Put on your thinking cap
If you are about to engage upon the lengthy consideration of a question or a problem, particularly when you might be thought to require some inspiration or guidance, you might be encouraged to put on your Thinking Cap. This metaphorical cap presumably warms the little grey cells in your brain ensuring a more considered opinion or the right answer, if you are endeavouring to crack what Sherlock Holmes called a three-pipe problem.
This metaphor has been around since at least the seventeenth century, although the cap in question was a more satisfyingly alliterative considering cap.

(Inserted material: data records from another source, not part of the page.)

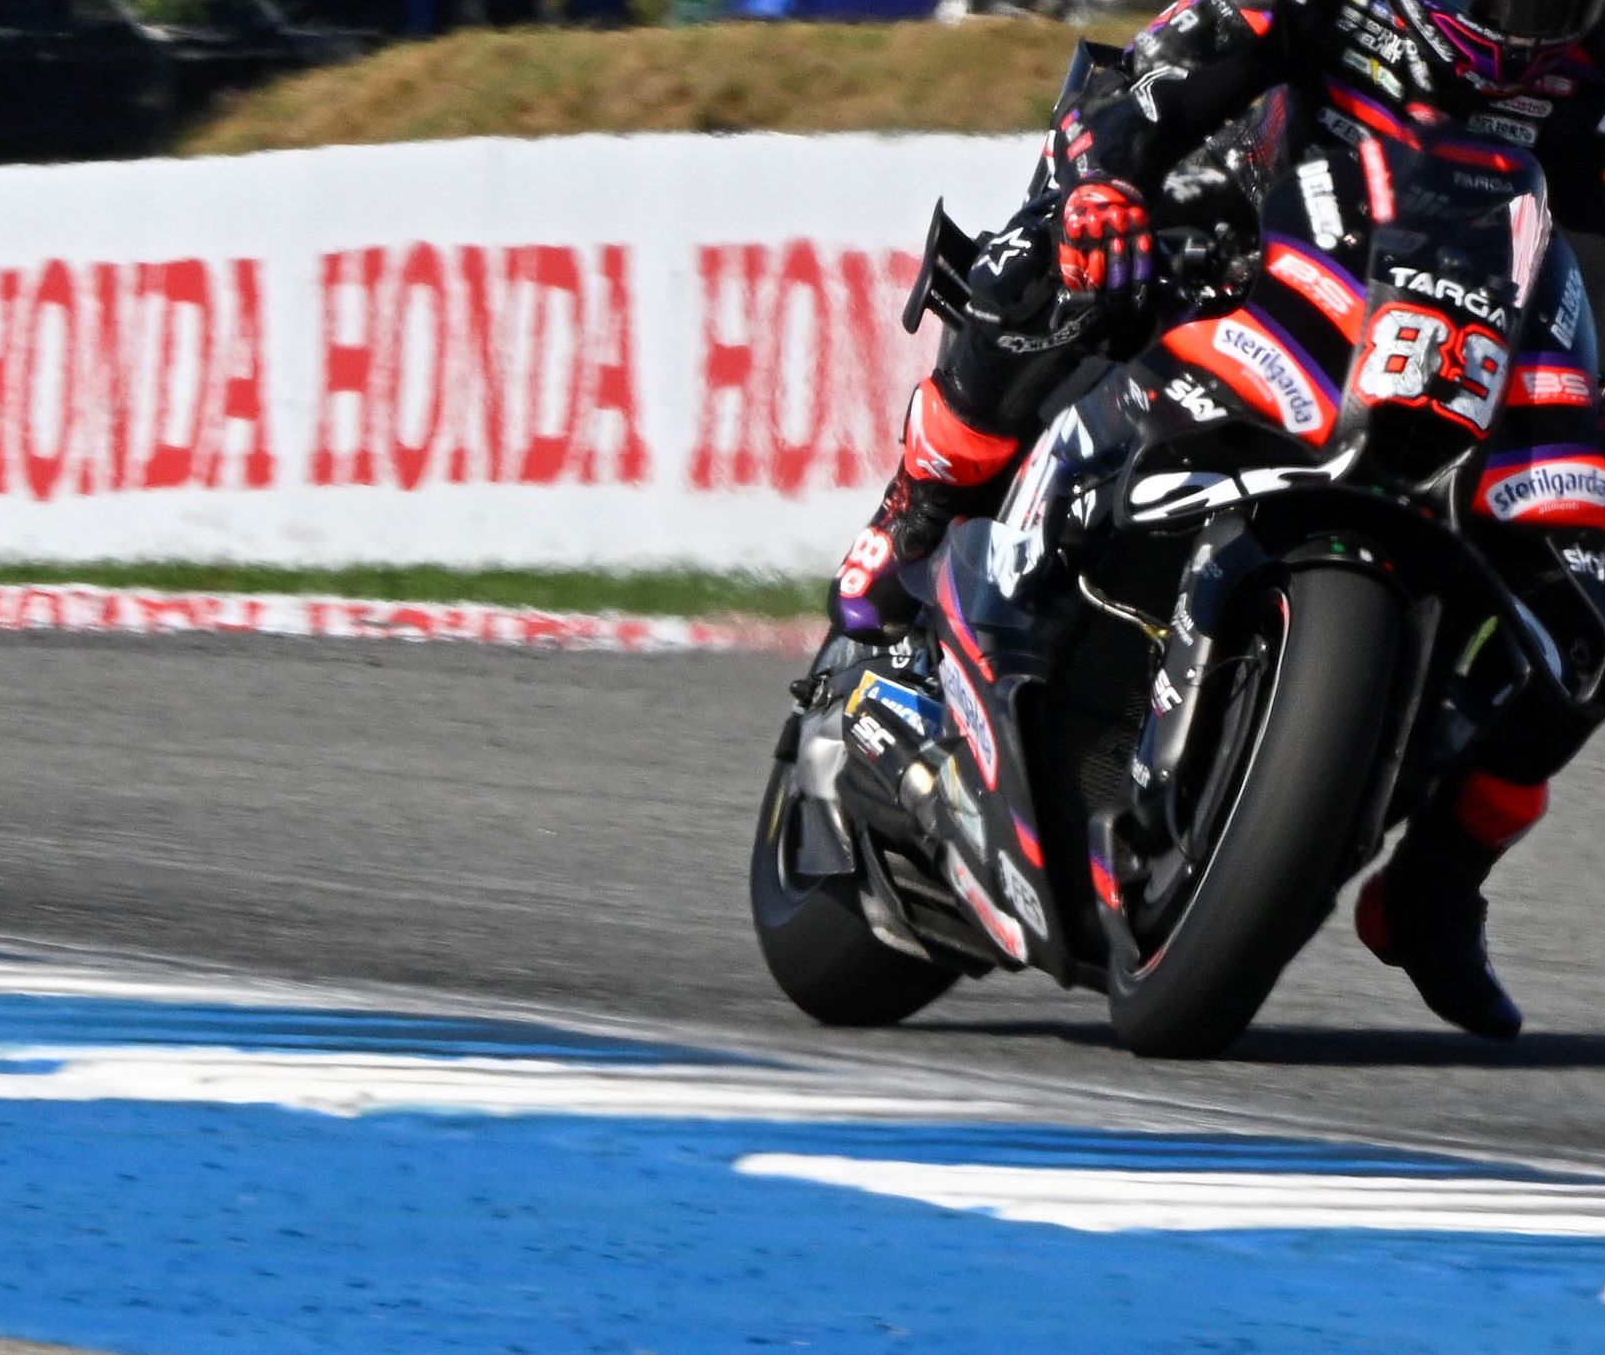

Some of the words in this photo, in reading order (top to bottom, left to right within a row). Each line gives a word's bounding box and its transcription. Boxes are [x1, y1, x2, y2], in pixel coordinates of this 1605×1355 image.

[1389, 267, 1508, 333] TARGA
[308, 240, 653, 491] HONDA
[688, 237, 924, 500] HON
[1164, 372, 1228, 422] sky
[1222, 327, 1314, 424] sterilgarda
[1352, 301, 1510, 439] 89
[1562, 543, 1605, 582] sky

The English comic writer and actor, Robert Armin, used the term in his Foole upon foole, published in 1605, thus; “The Cobler puts off his considering cap, why sir, says he, I sent them home but now”.

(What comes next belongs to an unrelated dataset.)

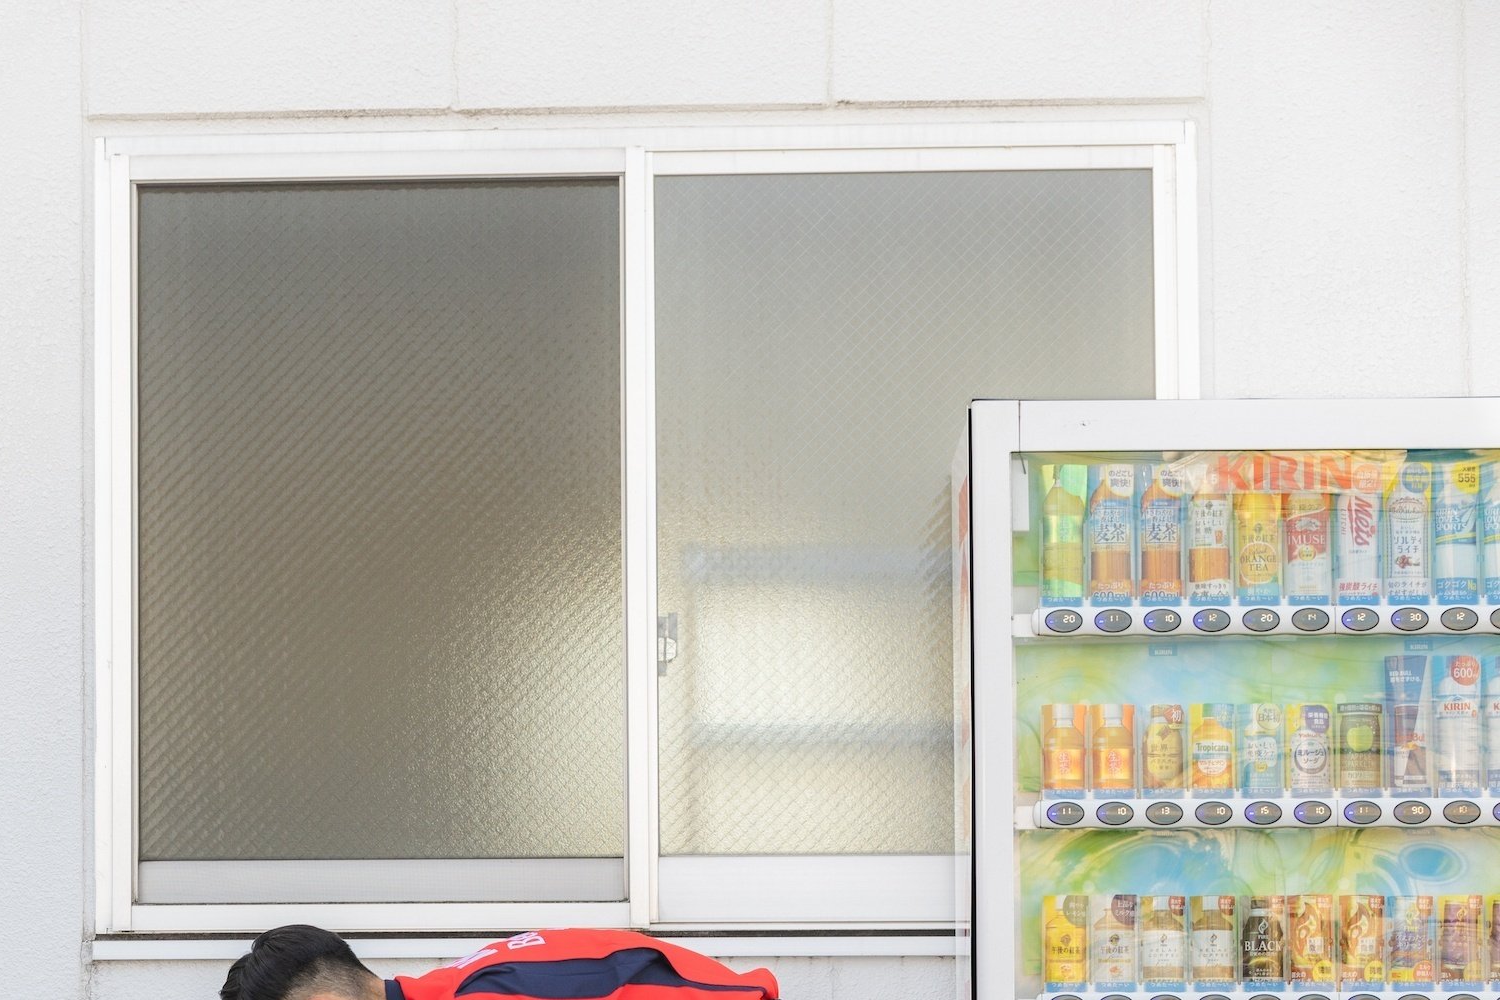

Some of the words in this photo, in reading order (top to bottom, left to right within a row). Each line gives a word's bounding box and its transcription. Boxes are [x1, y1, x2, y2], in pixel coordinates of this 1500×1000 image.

Perhaps the most famous considering cap was the one described in The History of Little Miss Goody Two-shoes, an anonymous work published by John Newbery in 1765. In a chapter entitled The Whole History of the Considering Cap, the author describes a considering cap possessed by a Mrs Margery which was “almost as large as a Grenadier’s, but of three equal Sides; on the first of which was written, I MAY BE WRONG; on the second, IT IS FIFTY TO ONE BUT YOU ARE; and the third; I’LL CONSIDER OF IT”. Whoever had it was encouraged “whenever he found his Passions begin to grow turbulent, and not to deliver a Word whilst it was on”. It was also described as “an universal Cure for Wrong-headedness”.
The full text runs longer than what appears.